У нас было много общего. Прежде всего, мы оба не знали своих отцов. Мне было два года, когда отец погиб от фашистской бомбы, а его отца расстреляли, когда ему было 5 месяцев. 10 лет назад он получил любопытный документ от Генерального прокурора Российской Федерации, удостоверяющий, что Плисецкий Азарий Михайлович "признан подвергшимся политической репрессии и реабилитирован". А репрессировали его еще до моего рождения, в 1937 году, когда он грудным ребенком попал вместе с мамой, Рахиль Михайловной Мессерер-Плисецкой, в самую страшную Бутырскую тюрьму. Когда Азария спрашивают, как он сидел в Бутырке, он отвечает: "Да не сидел я, только лежал".

Недавно в одном из самых идиллических уголков земного шара, у горного альпийского озера, в часе езды от Лозанны, где Азарий работает, мы вспоминали с ним детство и рано выпавшие ему испытания. Озеро глубокое и такое чистое, что было видно до дна, и в нем отражались заснеженные вершины гор. Ни души кругом, тишина, и мне пришли в голову слова грузинского поэта Важи Пшавеллы: "А горы молчат и ждут?" В такой обстановке трудно было представить себе ужасы лагеря АЛЖИР (Акмолинский лагерь для жен изменников Родины), на месте которого Азарий побывал несколько месяцев назад. Как бывшего зэка его пригласил президент Казахстана Нарсултан Назарбаев на форум в Астане (бывшем Акмолинске, а потом Целинограде) под девизом "Память во имя будущего". Надо отдать должное организаторам — в первый раз на территории распавшегося Союза прошла конференция, посвященная памяти томившихся в Гулаге женщин и детей. Азарий поехал на форум в Казахстан с Любой, своей спутницей (Любовь Киви-Минскер, доктор химических наук, профессор политехнического университета в Лозанне, — А.M)

Участникам форума показывали документальные фильмы, демонстрировали картины и портреты узниц АЛЖИРа. Многие из них были, как Рахиль, молодыми красавицами. Некоторые принадлежали к элите советского общества: жены маршалов Тухачевского, Якира, Блюхера и других. Я спросил Aзария, что больше всего запомнилось ему из поездки в Казахстан.

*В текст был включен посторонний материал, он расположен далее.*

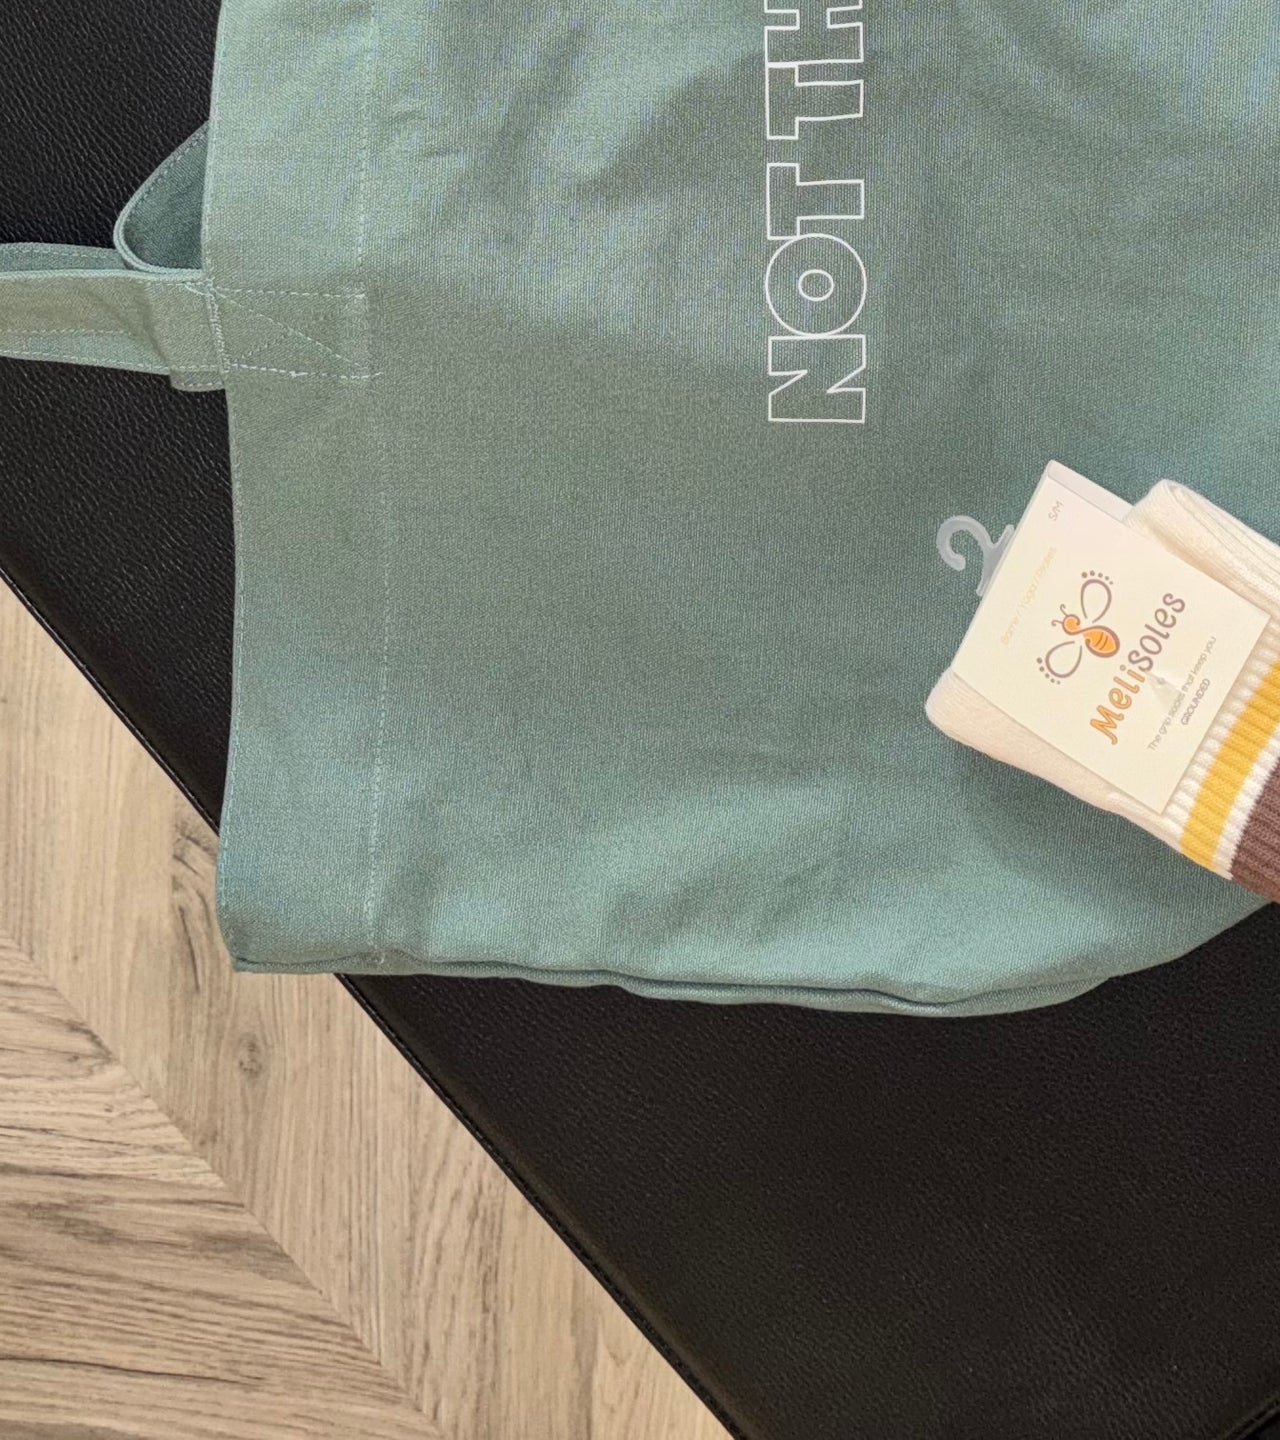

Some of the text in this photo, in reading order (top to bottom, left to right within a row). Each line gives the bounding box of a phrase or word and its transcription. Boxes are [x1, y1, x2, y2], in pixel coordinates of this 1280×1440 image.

[765, 162, 867, 424] NOT
[1047, 500, 1064, 522] S/M
[1147, 734, 1162, 751] The
[1158, 717, 1172, 736] grip
[1181, 675, 1194, 693] that
[1191, 653, 1208, 676] keep
[1205, 636, 1217, 655] you
[1180, 678, 1211, 726] GROUNDED

— Меня поразило, на каком замечательном русском языке выступали участники форума, в том числе казахи, — начал свой рассказ он. — Такой чистый русский исчезает, по телевидению говорят на другом, загрязненном русском. Видимо, эти люди учились у лучших профессоров, сосланных в 30-е годы в Казахстан. Ссыльные ученые, получившие образование в дореволюционных гимназиях, преподавали русский и литературу как подлинные знатоки. Когда закончилась официальная программа, мы остались на один день в месте, где находился лагерь. Мы пошли по степи, вдоль арыка. Поразил гомон и гам воронья. В таком количестве ворон я никогда не видел. Я спросил у сопровождавшей нас женщины из музея, почему здесь так много ворон, везде ли это в казахских степях? Она сказала, что по преданиям казахского народа там, где пролилась кровь, воронье продолжает еще 200 лет гнездиться и каркать. При этих словах мороз по коже пошел.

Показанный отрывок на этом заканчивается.